Anyway to slow up the drying time on the 90 minute stuff????

How much time does the ice cold water add to the workable time??????

I like the advantages of hot mud (sticks the tape good, sets hard, and little shrinkage) but I'm slow at taping. Seems I spend a ton of time cleaning tools and buckets with every batch. 90 minute seems to only work for about 30 minutes before becoming unworkable. Only use the hot to set the tape, use dark blue lid for the second and top coat. Wish I could find 180 or 240 hot mud.


----------



## kgphoto (May 9, 2006)

Mix your hot mud in 1 , 3, or 5 gallon buckets depending on how much you need and how fast YOU can apply it.

Then dump it on a hawk and clean the bucket immediately, will take 15 seconds or less. Us the hawk till the mud load is gone and then wipe down with sponge, another 5-10 seconds. Mix the next batch.


----------



## raven2006 (Dec 19, 2006)

I mix 20 min with multi purpose mud all the time. Just a little bit tho..it takes a little longer to actually dry but it sets up in 20 min so you can put on another coat. I don't care what they say, straight 20 min mud is almost impossible to sand properly, I always do the last coat with regular mud


----------



## A W Smith (Oct 14, 2007)

banctecbobn said:


> Anyway to slow up the drying time on the 90 minute stuff????
> 
> How much time does the ice cold water add to the workable time??????
> 
> I like the advantages of hot mud (sticks the tape good, sets hard, and little shrinkage) but I'm slow at taping. Seems I spend a ton of time cleaning tools and buckets with every batch. 90 minute seems to only work for about 30 minutes before becoming unworkable. Only use the hot to set the tape, use dark blue lid for the second and top coat. Wish I could find 180 or 240 hot mud.


 
Ive never had 90 min go off in half an hour. But I have had it take 2 1/2 hours. I suspected there was something in the local tap water. are you using clean water? if you dont let it slake a bit and mix it again sometimes a batch that is not thoroughly mixed will start to get a bit stiff. when it actually goes off in your pan you will know because the consistency will become that of oatmeal. 

another thing I stopped using a hawk and trowell almost 20 years ago. I use stainless mud pans and knives. I have a holder for my pan and tape that clips on my belt. The holder will speed things up. 
http://www.tooldogs.com/PhotoGallery.asp?ProductCode=MT-MP228


----------



## daArch (Jun 8, 2007)

raven2006 said:


> I mix 20 min with multi purpose mud all the time. Just a little bit tho..it takes a little longer to actually dry but it sets up in 20 min so you can put on another coat. I don't care what they say, straight 20 min mud is almost impossible to sand properly, I always do the last coat with regular mud


You mix setting with drying ?? (ah, I see from your previous posts you do this often).

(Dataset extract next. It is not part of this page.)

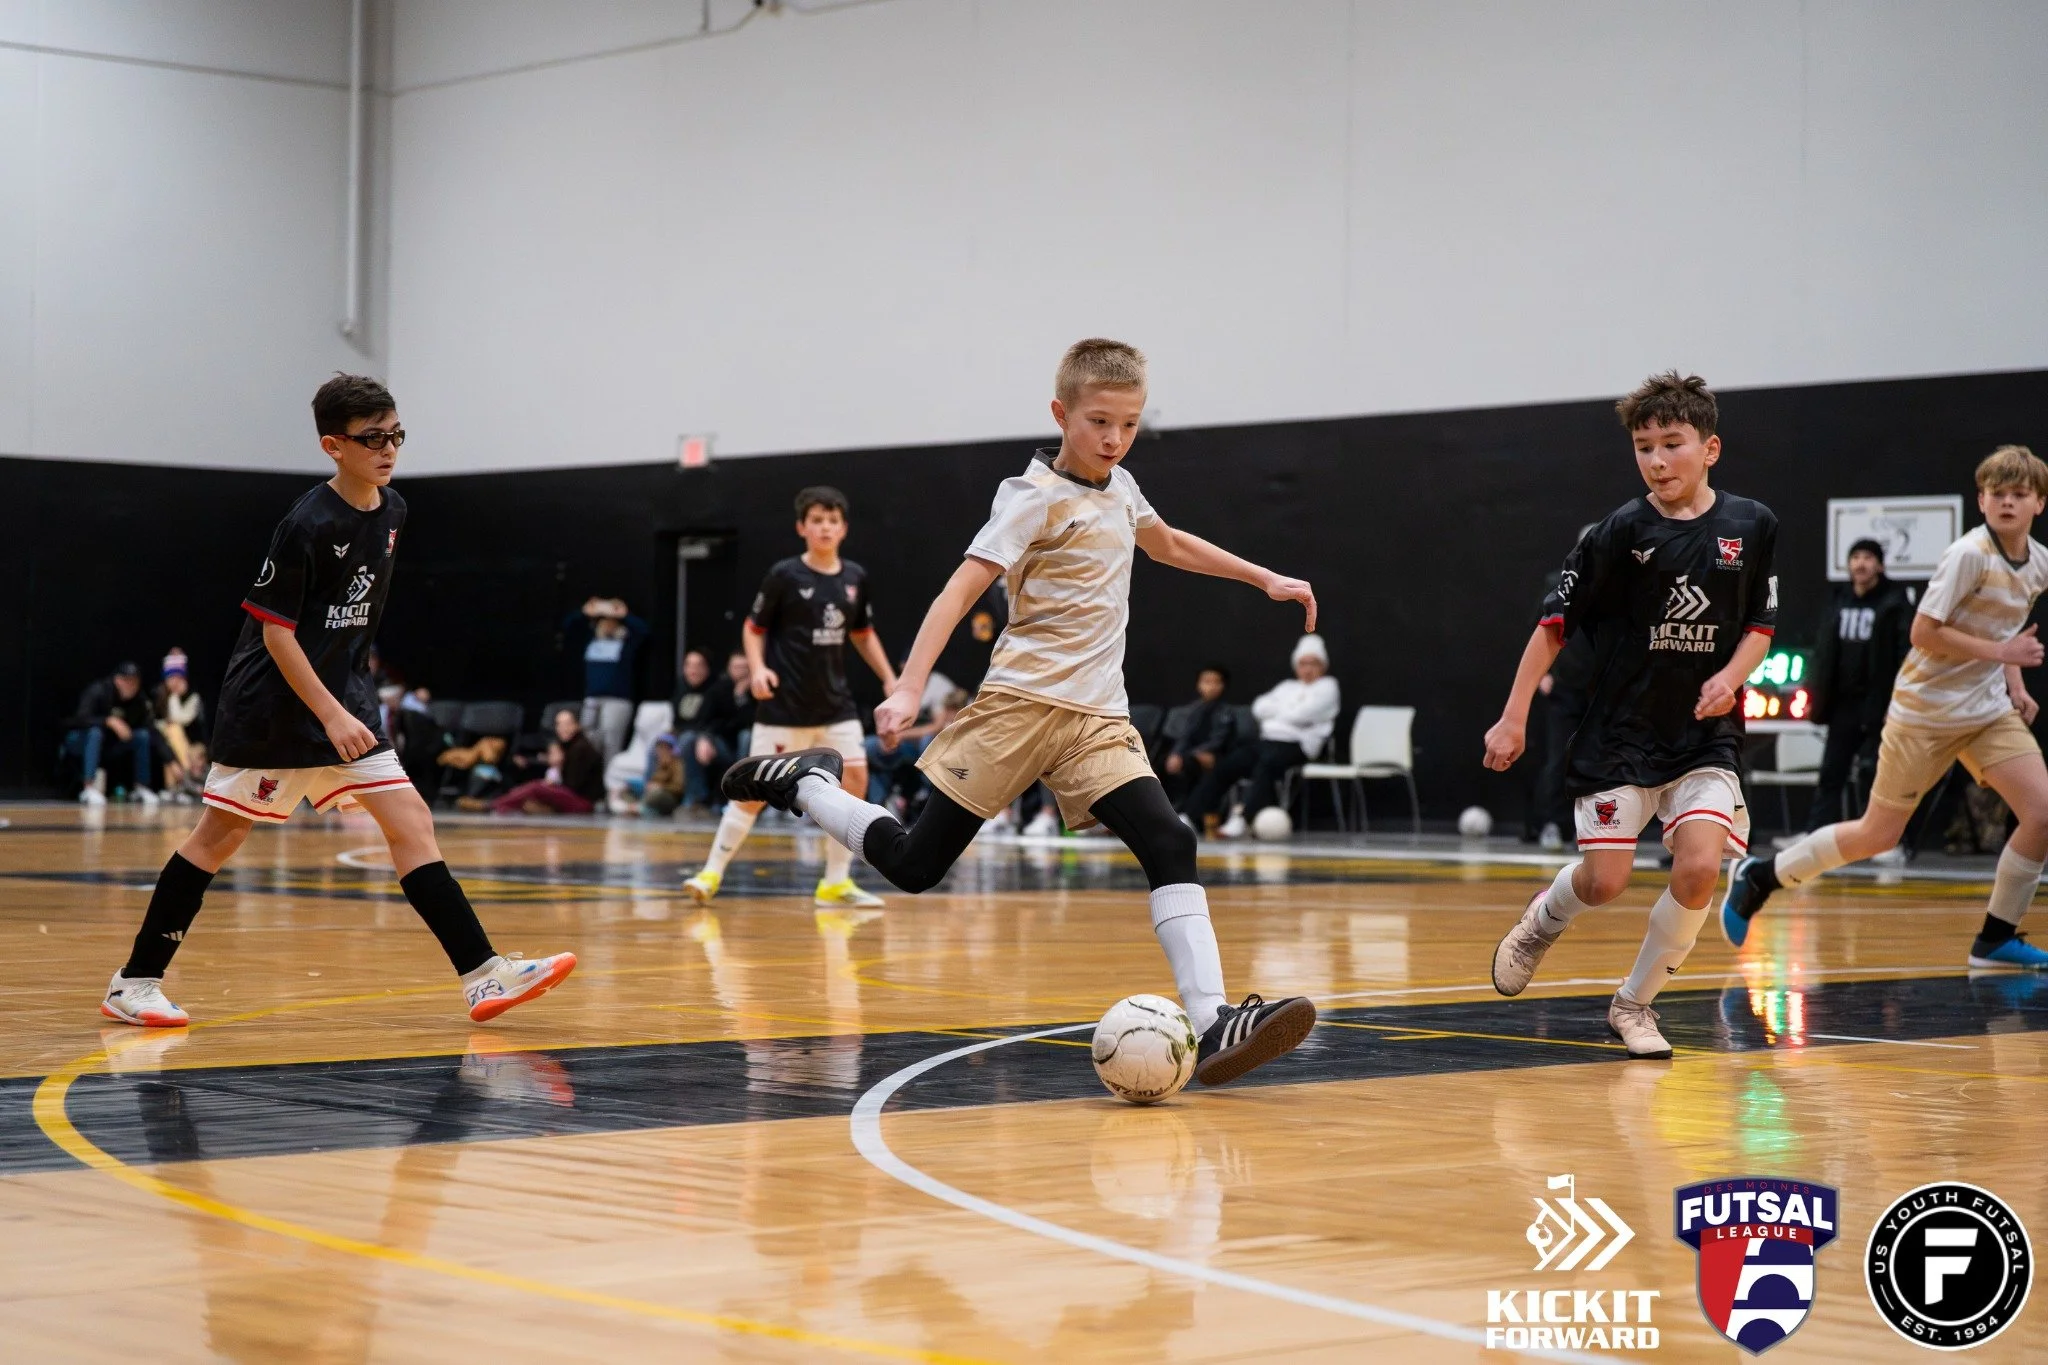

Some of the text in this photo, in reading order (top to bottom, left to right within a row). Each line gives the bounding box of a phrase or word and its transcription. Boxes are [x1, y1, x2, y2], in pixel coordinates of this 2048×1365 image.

[1715, 558, 1744, 567] TEKKERS
[327, 602, 371, 620] KICIT
[1649, 638, 1716, 653] ORWARD

There is a paper hanger in Atlanta who says he has tested the pH of patches with this mix and he got readings of 12 and higher. This level of alkalinity not only "burns" wallpaper, causes saponification of oil paint, but SERIOUSLY degrades adhesion of waterborne paint. 

Please test the pH of your dried surfaces to make sure you are not creating HUGE problems for those who follow you. 

thanks

-Bill


----------



## A W Smith (Oct 14, 2007)

daArch said:


> You mix setting with drying ?? (ah, I see from your previous posts you do this often).
> 
> There is a paper hanger in Atlanta who says he has tested the pH of patches with this mix and he got readings of 12 and higher. This level of alkalinity not only "burns" wallpaper, causes saponification of oil paint, but SERIOUSLY degrades adhesion of waterborne paint.
> 
> ...


Also. Doesn't it even say on the pail specifically NOT to mix it with other products?


----------



## neolitic (Apr 20, 2006)

A W Smith said:


> Also. Doesn't it even say on the pail specifically NOT to mix it with other products?

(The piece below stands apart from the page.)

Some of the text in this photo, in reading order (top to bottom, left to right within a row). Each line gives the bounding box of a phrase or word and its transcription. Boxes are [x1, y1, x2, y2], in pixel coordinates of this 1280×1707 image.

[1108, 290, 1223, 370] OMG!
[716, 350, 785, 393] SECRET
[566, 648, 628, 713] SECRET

That little bit on the label has always scared me off of even trying the dish-soap-to-prevent-bubbles-in-the-corner bead deal. What can I say, I'm a sucker for instructions not written in hieroglyphics.


----------



## raven2006 (Dec 19, 2006)

I have seen my walls after they were painted many times and definately no problems. Most of the time I put a layer of regular mud on top, but even when I haven't no problems. You don't have to add much, about 2 handfuls of 20 min to half a bucket of all purpose. It goes on so much smoother and easy to sand. i've tried the soap in the mud too, works great!


----------



## daArch (Jun 8, 2007)

Raven, 

I called USG about this today and you could hear the guy wince. the best he could say was, "we do not recommend this"

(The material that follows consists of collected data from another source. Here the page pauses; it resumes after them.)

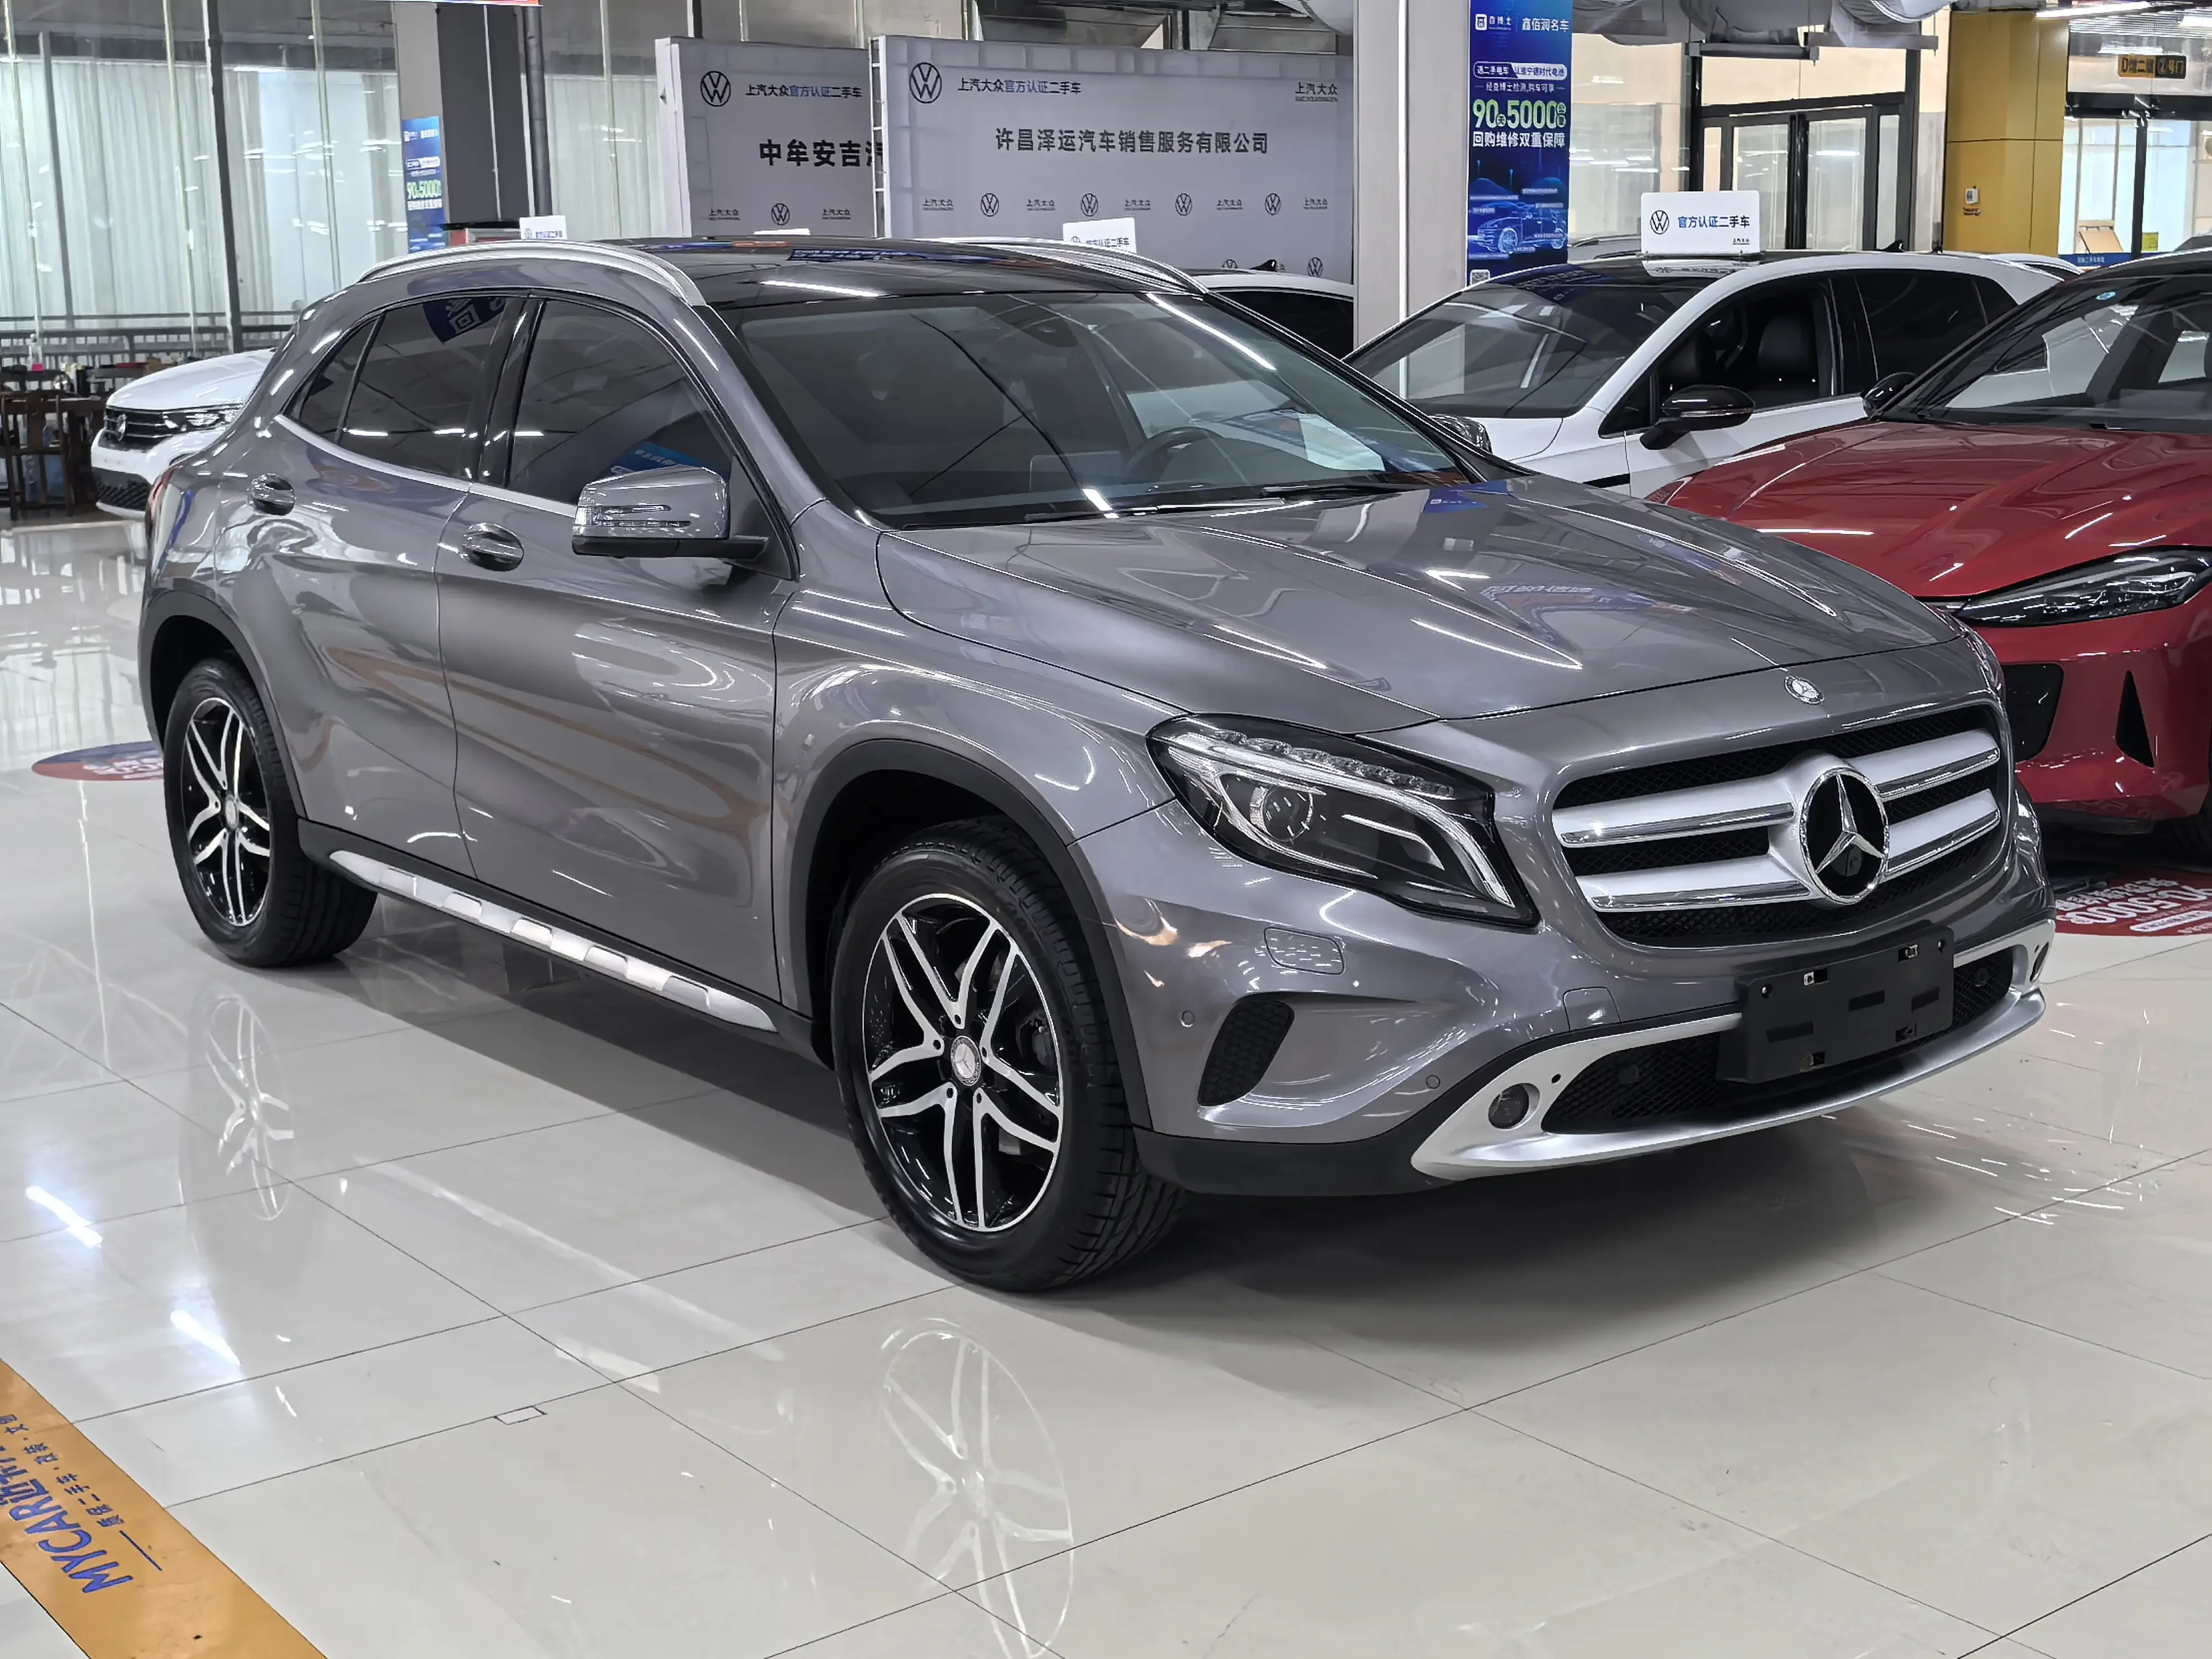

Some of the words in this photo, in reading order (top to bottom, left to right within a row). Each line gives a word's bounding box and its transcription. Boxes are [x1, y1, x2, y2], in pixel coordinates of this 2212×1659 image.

[746, 84, 862, 98] 上汽大众官方认证二手车
[958, 77, 1082, 95] 上汽大众官方认证二手车
[1295, 82, 1338, 95] 上汽大众
[996, 128, 1267, 154] 许昌泽运汽车销售服务有限公司
[1472, 131, 1566, 148] 回购维修双重保障
[1678, 215, 1750, 228] 官方认证二手车

I would SERIOUSLY reconsider mixing products until you know the chemical reactions between all the ingredients. Unless of course you've earned a degree in chemistry and at minimum know the difference between Plaster of Paris, Gypsum plaster, and calcium sulphate, and the path to go from calcium carbonate to calcium hydroxide

I've heard of people mixing Portland cement with plaster thinking it's OK since they both contain lime. This is a BIG no no for those who know.


----------



## outsidethelines (Oct 19, 2007)

I have gotten to the point that I can float spackle in one to two coats so that it is tight enough that I hardly have to sand at all. However, I was told recently that it is best to do at least two to three coats so that it will be strong enough or hard enough or something. It was some guy at Home Depot. I mean obviously if I am spackling over a deeper hole or something, I can understand that, but I was just talking about floating some areas where the old paint split leaving long paint fissures. You know, like what you see in bathrooms sometimes where it almost looks like the paint shrunk on the walls and ceiling. Anyway, is there any reason one should add more if you get it the first time? When I am spackling over the fiberglass tape (wall cracks), I can get it in one to two coats also. Do I really need more if it looks good the first time? I swear, after it is primed and painted, you cannot even tell there was anything there. 
BTW, I have never heard of or ever tried 5 min. mud. I stick with the 45 and use lukewarm water. Does the dry time affect the quality of the product? In other words, would 5 min. be denser than 90 min?


----------



## Builtbybeck (Feb 2, 2006)

*sanding alternative for Durabond*

Hello everyone,
I just wanted to share that I've made a lot of quick one trip patches with setting type mud very quickly. I tape the joint or hole with the really fast setting stuff. As soon as it's fairly hard I mix a new batch and spread it as close as possible, then when it's almost set I wet it with a spray bottle and start smoothing and feathering with a wide knife. You can just keep repeating this letting the surface almost harden then wet it and smooth it more until your satisfied. The last one I did this way was ready to paint in about an hour! I would say it's more a plastering technique than drywall but it works.


----------